In ogni caso, dobbiamo pur sempre ricordare che noi leggiamo l’Antico Testamento da cristiani e, dunque, in una prospettiva evangelica: siamo noi a doverci fare prossimo di ogni uomo! (cfr Lc 10,25-37)
Identificarsi con l’altro
Le raccomandazioni dell’autore di questo testo sono dettate da buon senso e spirito di benevolenza, ma questi buoni sentimenti da soli non bastano: non è possibile comportarsi sempre così se non seguendo l’insegnamento di Gesù che – trasformando in positivo la regola d’oro antica – ci chiede di immedesimarci nel nostro prossimo:
«Tutto quanto volete che gli uomini facciano a voi, anche voi fatelo a loro: questa infatti è la Legge e i Profeti» (Mt 7,12).
Nell’uomo, istintivamente, prevale sempre la ricerca del proprio interesse, l’anteporre il proprio bene a quello altrui.
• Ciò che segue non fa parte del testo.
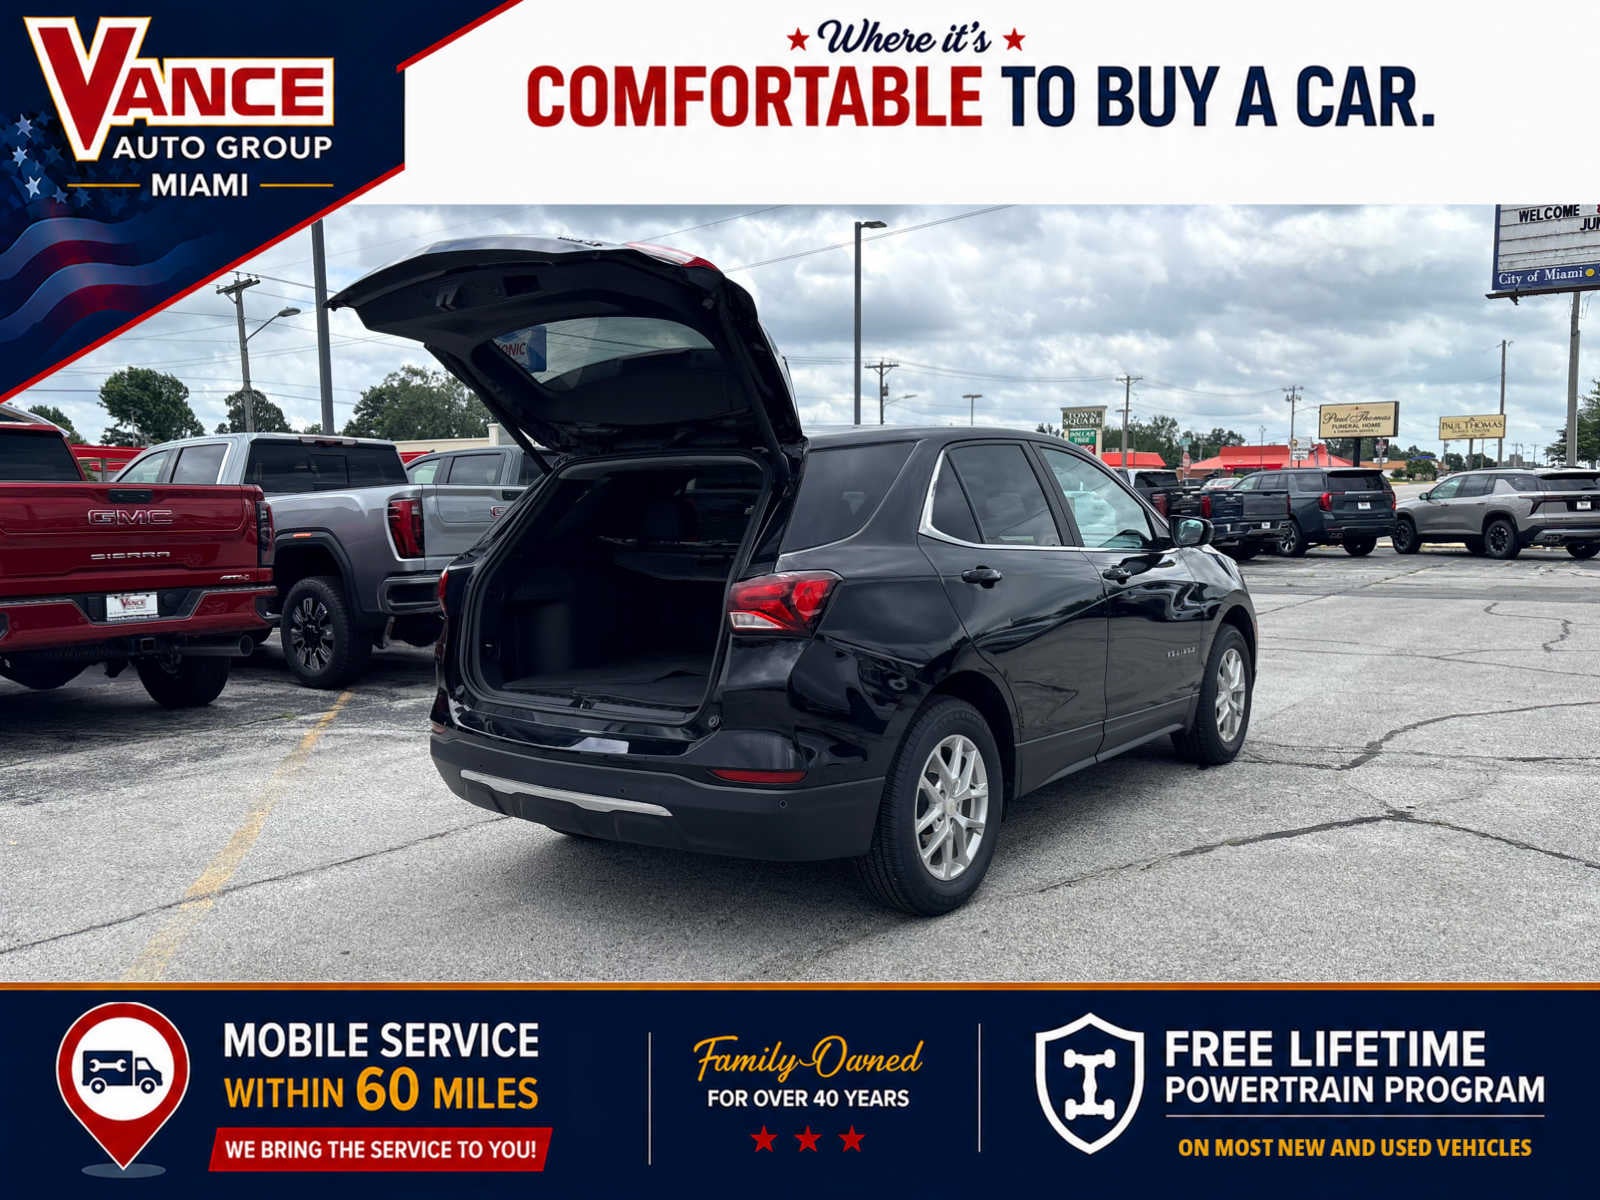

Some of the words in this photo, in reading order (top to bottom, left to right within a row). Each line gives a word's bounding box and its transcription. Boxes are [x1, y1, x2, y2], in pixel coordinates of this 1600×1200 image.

[1519, 204, 1580, 222] WELCOME
[1499, 273, 1522, 287] City
[1527, 270, 1540, 282] of
[1544, 266, 1584, 281] Miami
[1068, 411, 1097, 419] TOWN
[1322, 411, 1349, 424] Paul
[1350, 411, 1392, 423] Thomas
[1063, 417, 1102, 426] SQUARE
[1362, 421, 1382, 429] HOME
[1442, 421, 1462, 430] PAUL
[1464, 419, 1503, 429] THOMAS
[1070, 430, 1096, 438] DOLLAR
[88, 508, 173, 526] GMC
[91, 551, 171, 560] SIERRA
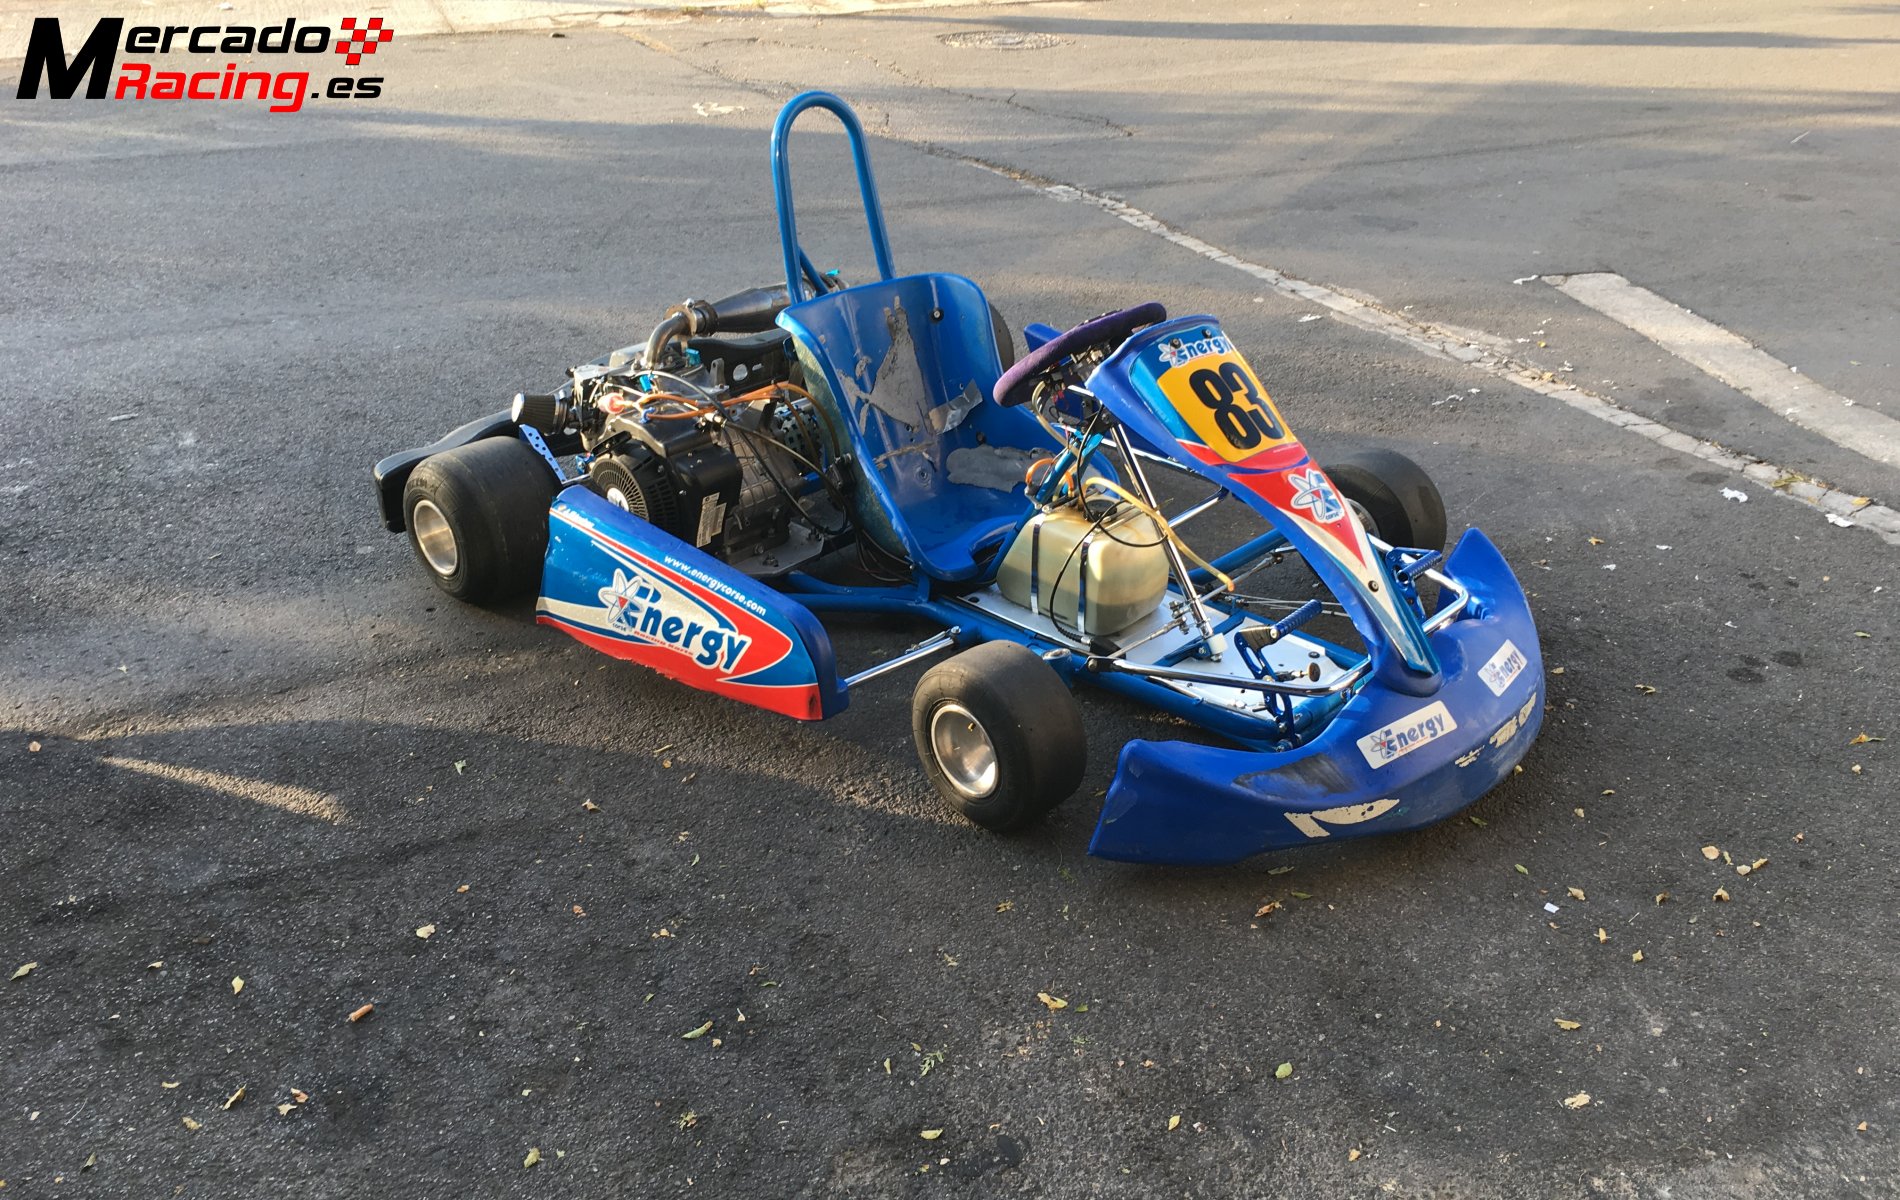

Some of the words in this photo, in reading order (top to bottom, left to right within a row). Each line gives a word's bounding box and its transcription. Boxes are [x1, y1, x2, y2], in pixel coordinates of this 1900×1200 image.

[1188, 362, 1285, 450] 83
[664, 556, 767, 616] www.energycorse.com
[614, 585, 748, 671] Energy
[1384, 713, 1444, 757] Energy
Così, dobbiamo ammettere di essere piuttosto tremendi nel tramare contro gli altri, e nel far passare la cosa come furbizia e scaltrezza anziché una cattiveria bella e buona.
Ma se ci mettiamo nell’ottica di Gesù, ci rendiamo subito conto che nessuno di noi desidera essere trattato male, e nemmeno esser fatto passare per fesso!
Non invidiare
Gli ultimi versetti sono un invito a non invidiare chi, invece, pur comportandosi da empio col suo prossimo, sembra andare a gonfie vele.
L’autore invita i suoi contemporanei a scardinare l’idea della retribuzione diretta e puntuale (che – in modo del tutto semplicistico – identificava ricchezze, felicità e lunga vita come segno della benedizione di Dio e – al contrario – le sventure come una maledizione).
È un invito forte anche per noi, che spesso ripetiamo
«a cosa serve essere buoni se – alla fine – gli unici che campano bene sono i prepotenti?»
Fidiamoci del Signore
La Parola di Dio ci rassicura che il Signore ha in orrore il perverso e la maledizione del Signore è sulla casa del malvagio, che dei beffardi egli si fa beffe e agli umili concede la sua benevolenza: questo anche se tale giudizio non si rivela nel tempo attuale, ma sarà chiaro e definitivo alla fine dei tempi.
Fidiamoci del Signore e confidiamo nella Sua Parola, continuando a fare il bene perché è bene e ad amare il prossimo perché in lui si “nasconde” Cristo stesso (cfr Mt 25,40).